Category Archives: libertarianism

Oh For The Privileges Of A ‘Registered Provisional Immigrant’ (RPI)

Classical Liberalism, Government, Homeland Security, IMMIGRATION, libertarianism, Nationhood, Taxation, The State, Welfare

“Immigration Bill A Statist’s Dream” is now on Economic Policy Journal, which, given its traffic rank and the intellectual vitality of its authors and editor, is fast usurping all others as the premier libertarian site on the worldwide web.

To the analysis offered by the column (always circumscribed by a word count), I’d like to add the following points for your consideration:

What is there to like about the fact that the new, privileged wards of the state will enjoy protections unavailable to nationals or to immigrants who’re in the US on merit?

Ask egalitarians of the libertarian and liberal left.

There is not much you and I can do—much less our corrupt representatives in the House—if General Keith Alexander’s National Security Agency and apparatus sics his spies on us. The same goes for our rights under the successors of Lois Lerner and Sarah Hall Ingram, at the Internal Revenue Service’s tax-exempt division.

But woe betide the NSA or IRS agent who does unto a “registered provisional immigrant” (RPI) what he did to a tea-party patriot. The “Border Security, Economic Opportunity, and Immigration Modernization Act” promises to name and shame this wicked government worker. Caught in the improper use of a registered provisional immigrant’s personal data, the agent will incur a criminal penalty.

The Bill (the lengthy summary of which is linked here) specifies that snooping on beneficiaries of S.744 will be permitted only for the purpose of determining benefits. These, to quote the EPJ column, are “carved out of the hides of taxpaying Americans, immigrants included.”

To prevent any “errant” law-enforcement officer from daring to quiz a suspicious registered provisional Democrat about his status, a “document of special protection while waiting” will be issued to The Protected One.

Oh for the privileges of a ‘Registered Provisional Immigrant’ (RPI).

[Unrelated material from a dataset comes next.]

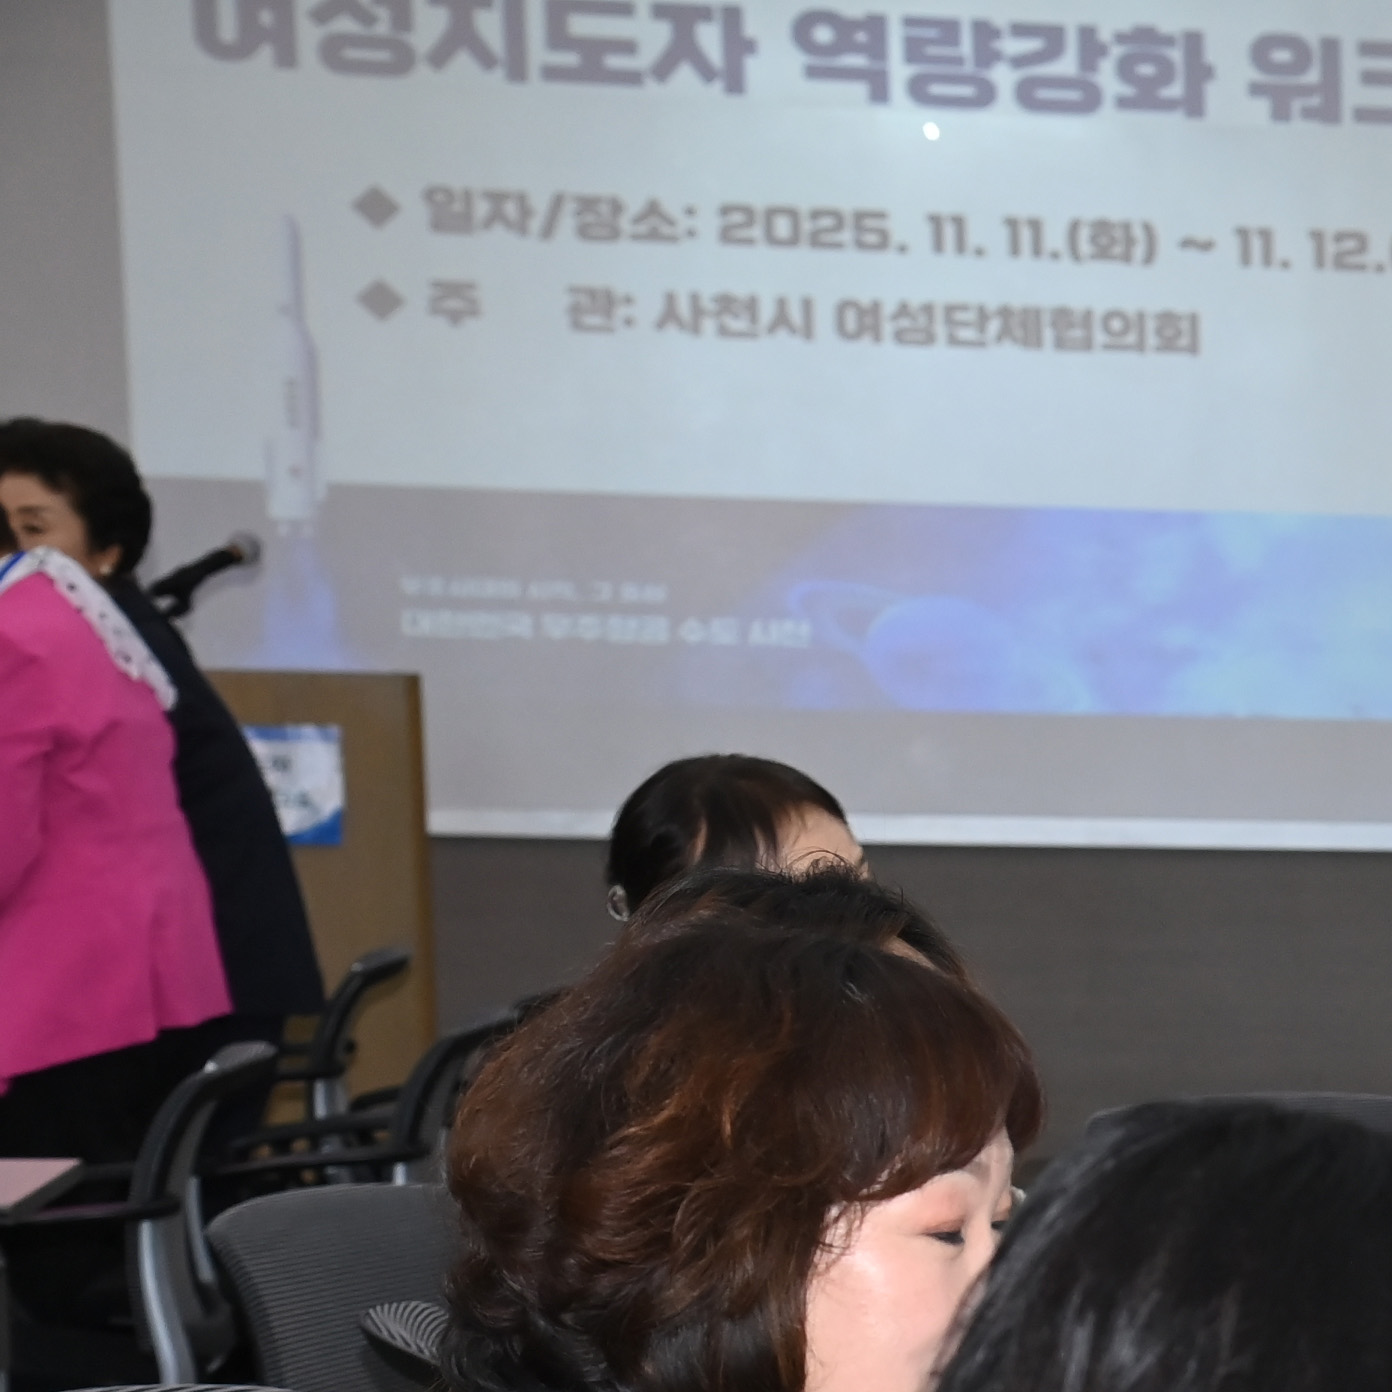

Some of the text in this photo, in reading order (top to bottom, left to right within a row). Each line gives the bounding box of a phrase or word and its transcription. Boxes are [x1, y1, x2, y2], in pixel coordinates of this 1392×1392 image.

I suppose that we-are-the-world libertarians can rejoice in the fact that the “Border Security, Economic Opportunity, and Immigration Modernization Act” makes “illegal alien” a thing of the past—not due to the promised defense of this country’s borders, but because of a near abolition of the legal versus illegal distinction.

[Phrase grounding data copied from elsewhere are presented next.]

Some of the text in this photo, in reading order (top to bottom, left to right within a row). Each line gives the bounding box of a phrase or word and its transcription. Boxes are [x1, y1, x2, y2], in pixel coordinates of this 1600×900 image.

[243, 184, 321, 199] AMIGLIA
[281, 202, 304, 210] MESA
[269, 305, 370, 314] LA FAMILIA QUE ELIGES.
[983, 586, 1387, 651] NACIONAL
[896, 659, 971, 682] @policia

As this column has written, “Would that the American Welfare State did not exist. But since it does and is, unfortunately, likely to persist for some time to come, it must stop at the Rio Grande.”

The same source has also done the work your US representatives won’t do—can’t we export them?—and that is: Read and honestly distill the Immigration Bill.

‘Are We Rome?’ Was A Question Asked and Answered Long Ago

Ancient History, Government, Iraq, libertarianism, Military, Taxation, The State, War

To the hackneyed question, ‘Are We Rome?’, John Stossel replies, “Not yet.” He is completely wrong, just as he was wrong to dismiss the “National Security Administration tracking patterns in our emails and phone calls,” to quote.

Mr. Stossel takes comfort in the fact that “we don’t kill people for sport. When we go to war, misguided or not, we don’t conquer or plunder. And when we win, we usually leave.” (July 18, 2013)

Who is he kidding? The US hunts down and kills very many innocents abroad by drone. It’s a bit of a sport—so much so that decadent New Rome has even established a “new medal that honors drone pilots and computer experts” for their long-distance killing prowess.

Courtesy of Uncle Sam, war-time slaughter has just been industrialized, streamlined, made more efficient in our times.

Compare the demographic and economic indices of countries the US has invaded—for their own good, of course, but without their consent—before and after the “merciful” intervention. You’ll get a better idea of the carnage than John Stossel allows.

Libya is no longer. Ditto Iraq. Afghanistan is not doing much better since Rome set up camp there.

Read “Casualties of the Iraq War.”

Read “Civilian casualties in the War in Afghanistan (2001–present).”

Read “Deaths caused by Coalition forces” in Libya.

Again, contrary to the Stossel assertion, the latter-day Rome has mechanized the warfare-state’s killing and has refined its propaganda wing to an art—so fine an art that John Stossel has bought it hook, line, and sinker.

No-one attempting to tackle the ‘Are We Rome?’ question should be allowed to get away with failing to mention Cullen Murphy’s book by that name. This is a question that was asked and answered already. Superbly.

A 2010 column I wrote highlighted “the unflattering parallels between the imperial rule of ancient Rome and that of modern America,” as illustrated in Murphy’s book, “Are We Rome? The Fall of an Empire and the Fate of Rome.”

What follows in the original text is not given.